In this stage, the change has happened and is a component of the new nurse. The new nurses adapt and embrace the working policies and procedures of the hospital. At this phase, the new nurses form part of the regular work of the hospital, unit and team (Dahlkemper & Anderson, 2013). The theory of planned change is applied because different forces push for change in health care. The forces include workforce deficiency, professional obligations and the rising cost of therapies.

The plan will embody Lewin’ s theory of change to provide health care services that are patient-centred, equitable, effective and safe. In reference to Kelly (2012), the hospital can attain this goal by hiring new nurse-run services that are cost-effective and patient-centred (p. 300). Through this, the hospital will cater to the needs of the underserved population in the community. Project organization structure The emergency department comprises of various team members that are important in assisting the newly hired nurses to adopt. Their roles are different in regard to the availability of staff and give the best health care in the emergency department.

The team consists of laboratory personnel, social work, medical staff and pastoral care (Riviello, 2010). A mentor is selected from a more experienced professional, for, instance, a physician to assist the newly hired nurse. The experienced practitioner works alongside them, shadowing, co-working and observing. The mentor is an experienced member of staff in the same team who provides emotional support. The duty of the mentor is to guide and support the new nurse employee through the beginning of the transition period, levelling the way by promoting skills, knowledge and confidence (Donnellan & Jack, 2010). Quality plan The mentoring relationship with a more experienced practitioner is an approach for professional development and assist in establishing long-term goals.

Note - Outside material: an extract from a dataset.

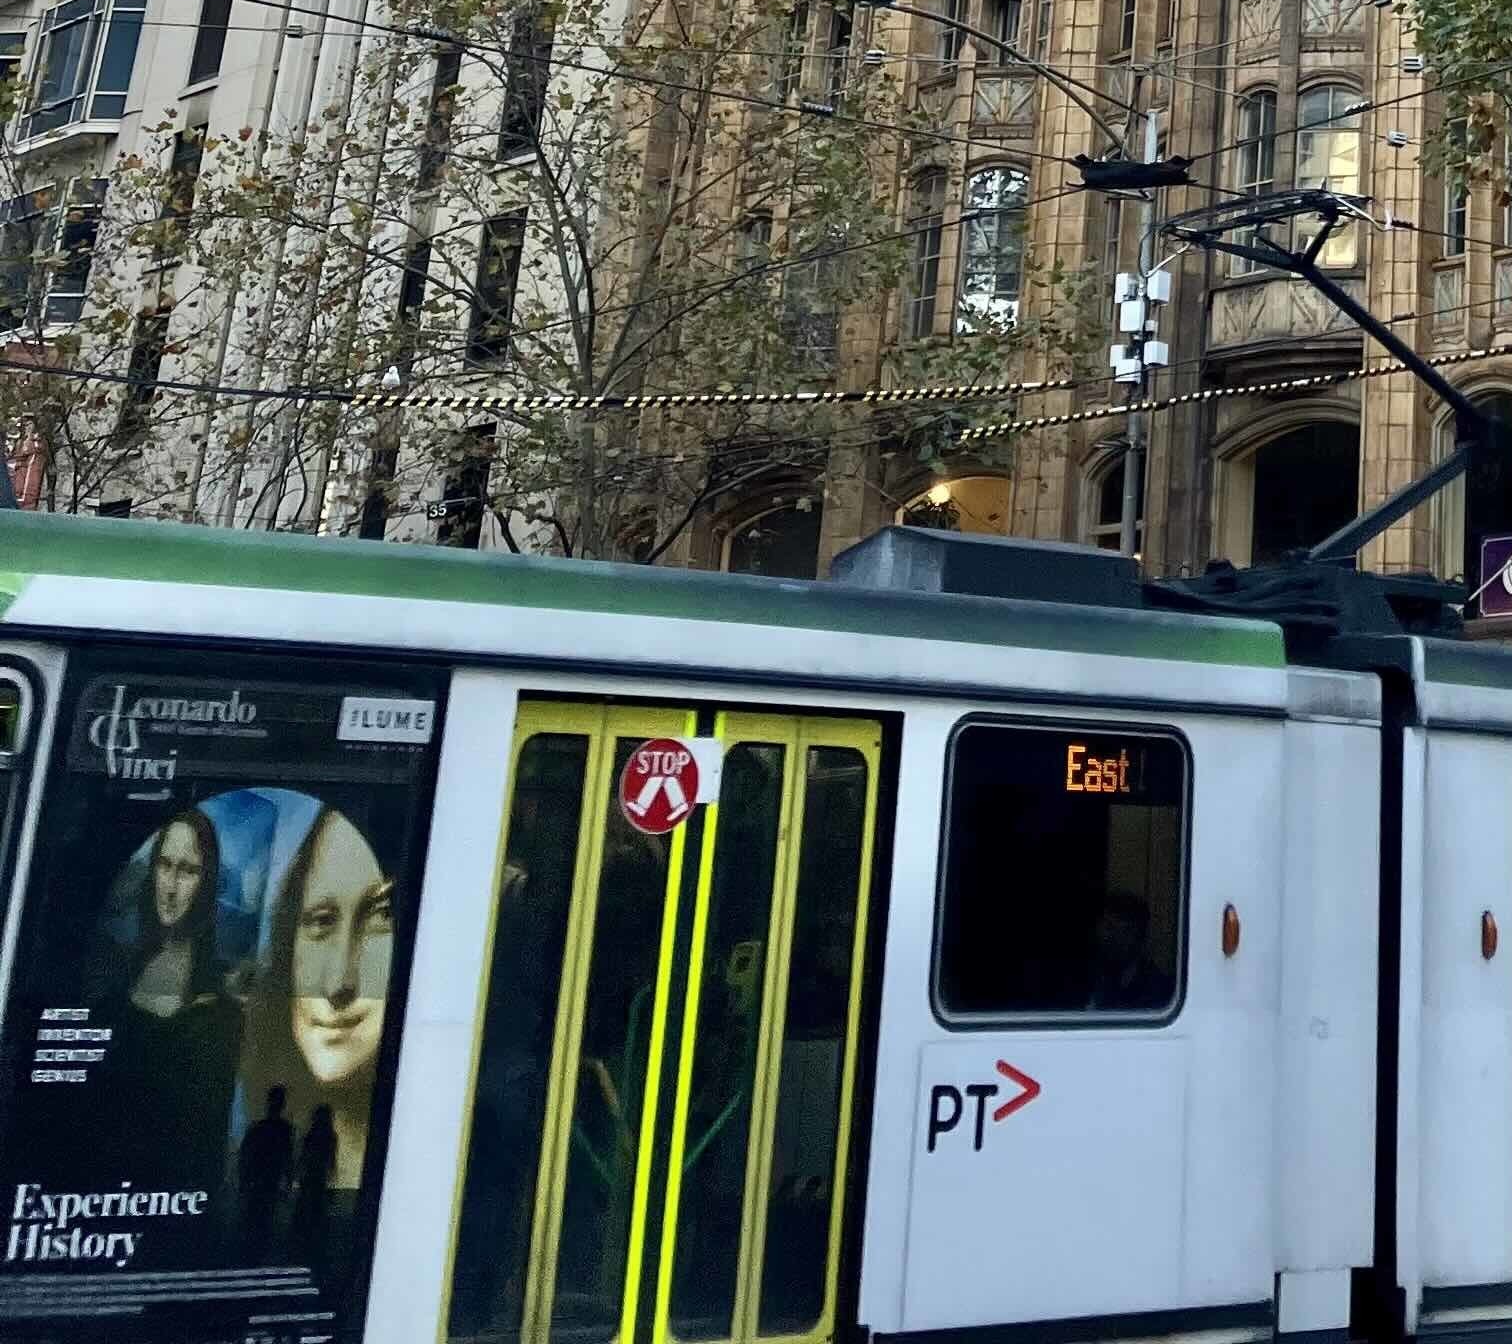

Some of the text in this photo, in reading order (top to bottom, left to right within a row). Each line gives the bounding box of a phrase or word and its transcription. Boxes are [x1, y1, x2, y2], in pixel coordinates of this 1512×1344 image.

When a new nurse is introduced to professional network opportunities, he/she can assist in workplace difficulties. The results of the performance of newly hired nurses can be measured through competency-based orientation devices given by nurse educators. In addition, the nurse’ s performance is measured through job descriptions and objective learning resources.

The new nurses are expected to pass the technical and written parts of the orientation. In the case of new nurse graduates, an annual meeting with their manager and preceptor is important to review progress (Weiss & Tappen, 2014). Summary In conclusion, confidence-competence building happens in the process of mentorship. In addition, an emotional relationship develops between the new nurse and the mentor that increases confidence and strengthen positive values. The value connections are significant in enhancing personal efficacy. The new nurses develop qualities such as positive attitude about care delivery or service, respectfulness and caring (McAllister & Lowe, 2011).

It is important in satisfying the patient and family expectations. The role of a nurse is to address the client’ s complications and fulfil the care goals. The nurse implements evidence-based concepts and guidelines to ensure patient safety. In addition, the nurse can teach patient and family on activities founded on recognized health care needs. From this perspective, the patient will have positive health outcomes that are in accordance with the mission and vision of St. Barnabas Hospital. The mission of the hospital is to give innovative, compassionate and comprehensive health care in safe surround where the patient is a priority (SBH Health System, 2015).

The plan will have a financial impact on the hospital where it will save much money through value proposition activity. In value proposition exercise, new nurses are trained by older experienced professionals and at the same time retain the crucial ‘ grey matter’ . The grey matter is the ability and knowledge of older nursing expertise (Porter-O'Grady & Malloch, 2010).